━━ Supplied entries ━━
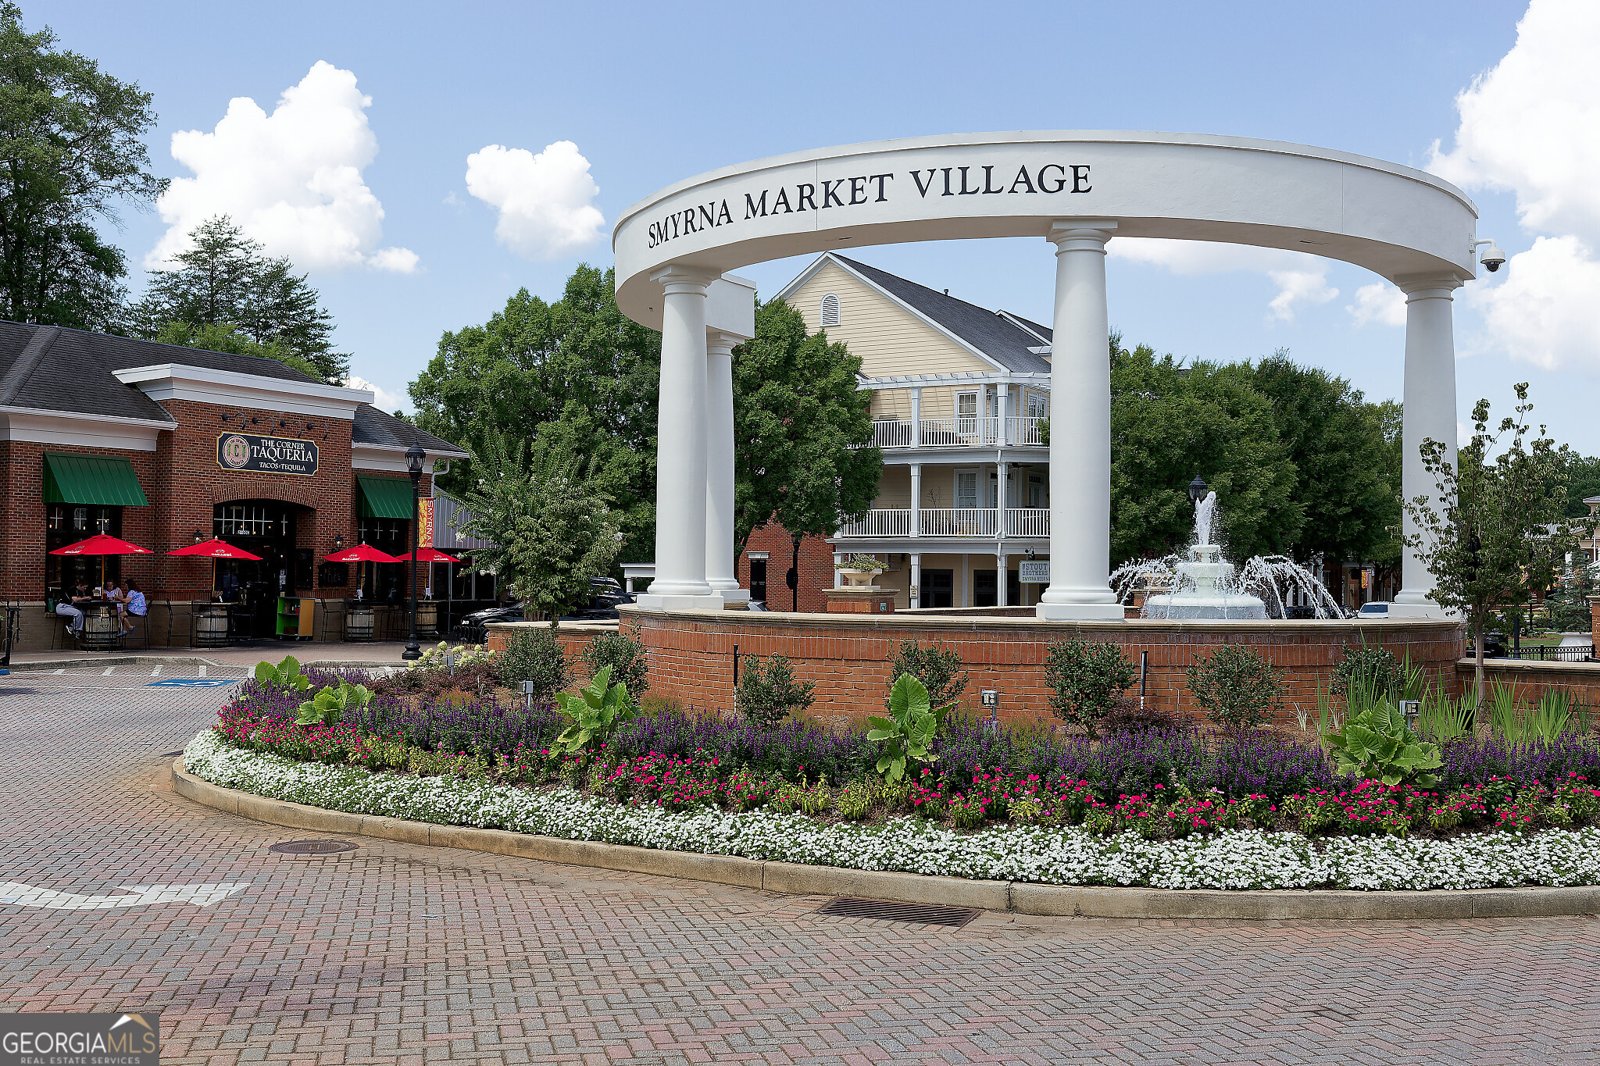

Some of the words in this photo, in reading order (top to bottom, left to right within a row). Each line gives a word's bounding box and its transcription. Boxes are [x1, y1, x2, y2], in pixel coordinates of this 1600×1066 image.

[648, 199, 733, 249] SMYRNA
[744, 173, 894, 220] MARKET
[909, 164, 1093, 198] VILLAGE
[261, 439, 275, 447] THE
[278, 441, 305, 450] CORNER
[251, 445, 313, 462] TAQUERIA
[259, 462, 278, 470] TACOS
[426, 500, 434, 542] SMYRNA
━━━
**Task requirements**
Without the pictures, return the entries exactly as they appear.

**Exercise response**
Some of the words in this photo, in reading order (top to bottom, left to right within a row). Each line gives a word's bounding box and its transcription. Boxes are [x1, y1, x2, y2], in pixel coordinates of this 1600×1066 image.

[648, 199, 733, 249] SMYRNA
[744, 173, 894, 220] MARKET
[909, 164, 1093, 198] VILLAGE
[261, 439, 275, 447] THE
[278, 441, 305, 450] CORNER
[251, 445, 313, 462] TAQUERIA
[259, 462, 278, 470] TACOS
[426, 500, 434, 542] SMYRNA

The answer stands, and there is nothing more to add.